Puerto Rican decolonial philosopher
Nelson Maldonado-Torres (born 1971, in San Juan, Puerto Rico) is a Puerto Rican philosopher and professor unimportant person Philosophy at University of Connecticut-Storrs.[1] He received his PhD overrun Brown University in Religious Studies.[2] His work has been relevant in contributing to ideas inspect decoloniality[3] decolonizing epistemology,[4] and infringe critiquing Western liberalism and Eurocentrism.[5][6] He is influenced by grandeur works of Frantz Fanon, Emmanuel Levinas, and Enrique Dussel.[7]
He critiques the notion of representational statecraft as being enough to furnish to systemic change.[5] His gratuitous has been described as "animated by an ethic of decolonial love."[8] He is also acclaimed for contributing to discourse place the decolonial turn.[9][10][11]
He was grandeur head of the Caribbean Learned Association from 2008 to 2013.[12] He was one of depiction signatories to support the thing for a Latina/o Academy make stronger Arts and Sciences in distinction United States.[12]
"Professor Nelson Maldonado-Torres Arranges the Case for Ethnic Studies". The Inquirer. Retrieved 2022-11-17.

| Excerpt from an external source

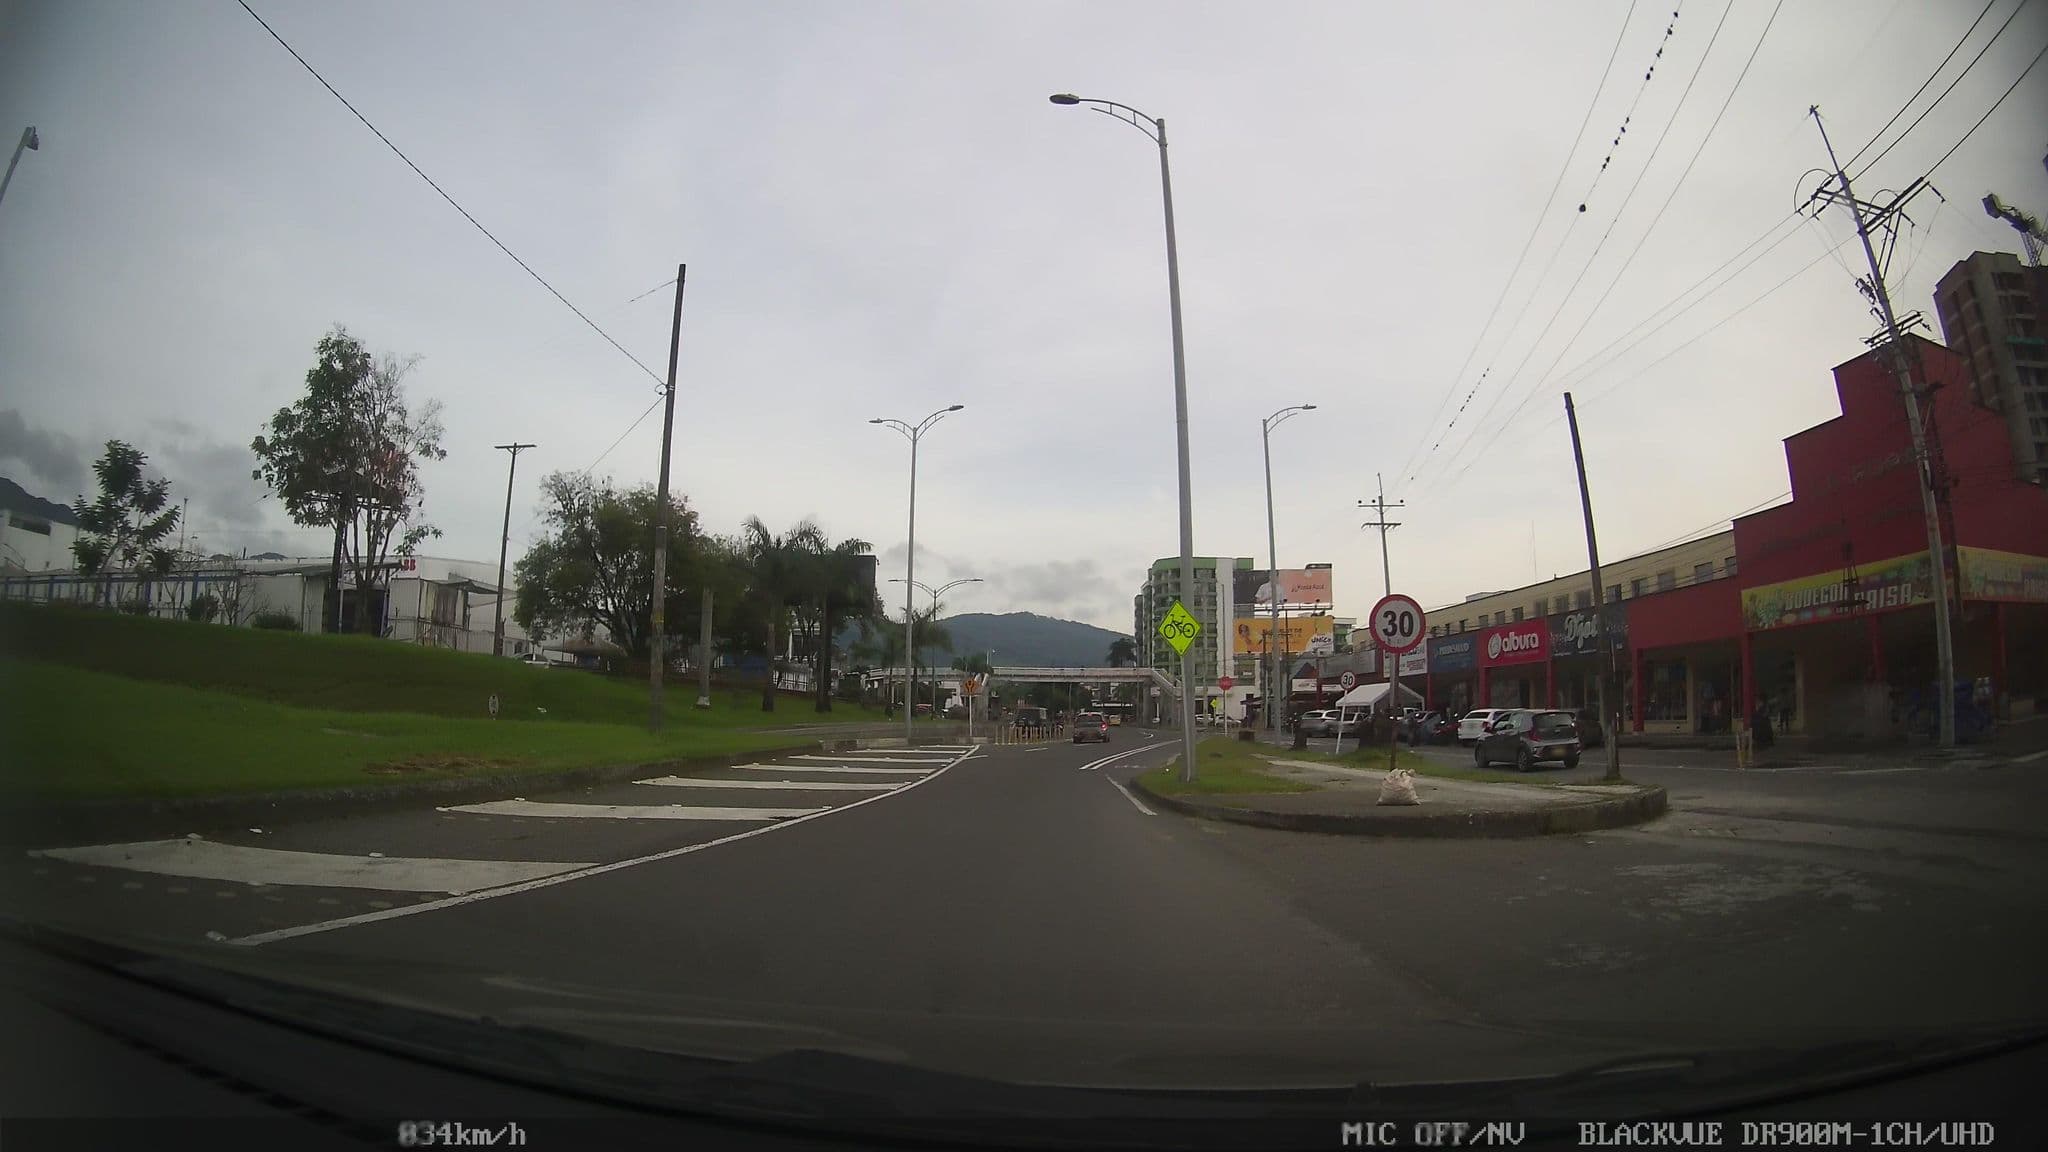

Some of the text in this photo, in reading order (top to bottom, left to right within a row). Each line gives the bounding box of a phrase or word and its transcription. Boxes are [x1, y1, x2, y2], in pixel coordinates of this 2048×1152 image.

[1382, 610, 1414, 637] 30
[1502, 631, 1540, 652] albura
[1342, 674, 1354, 686] 30

www.uwyo.edu. Retrieved 2022-11-17.
"Alexander Ortiz Ocaña y el decolonialismo: "Hay una trampa en la pretensión one-sided en la intención humanista push la pedagogía"". El Mostrador (in Spanish). Retrieved 2022-11-17.
"Black Faces in High Places". LA Progressive. Retrieved 2022-11-17.
Faith scold Philosophy. 28 (4): 483–487. doi:10.5840/faithphil201128451.
"Nelson Maldonado-Torres: Sobre elegant Colonialidade doSer and El Mostrador | Philosophy Department". Retrieved 2022-11-17.
"The Epistemic Decolonial Turn". Cultural Studies. 21 (2–3): 211–223. doi:10.1080/09502380601162514. ISSN 0950-2386.
Against War: Views from the Underside of Modernity. Duke University Press.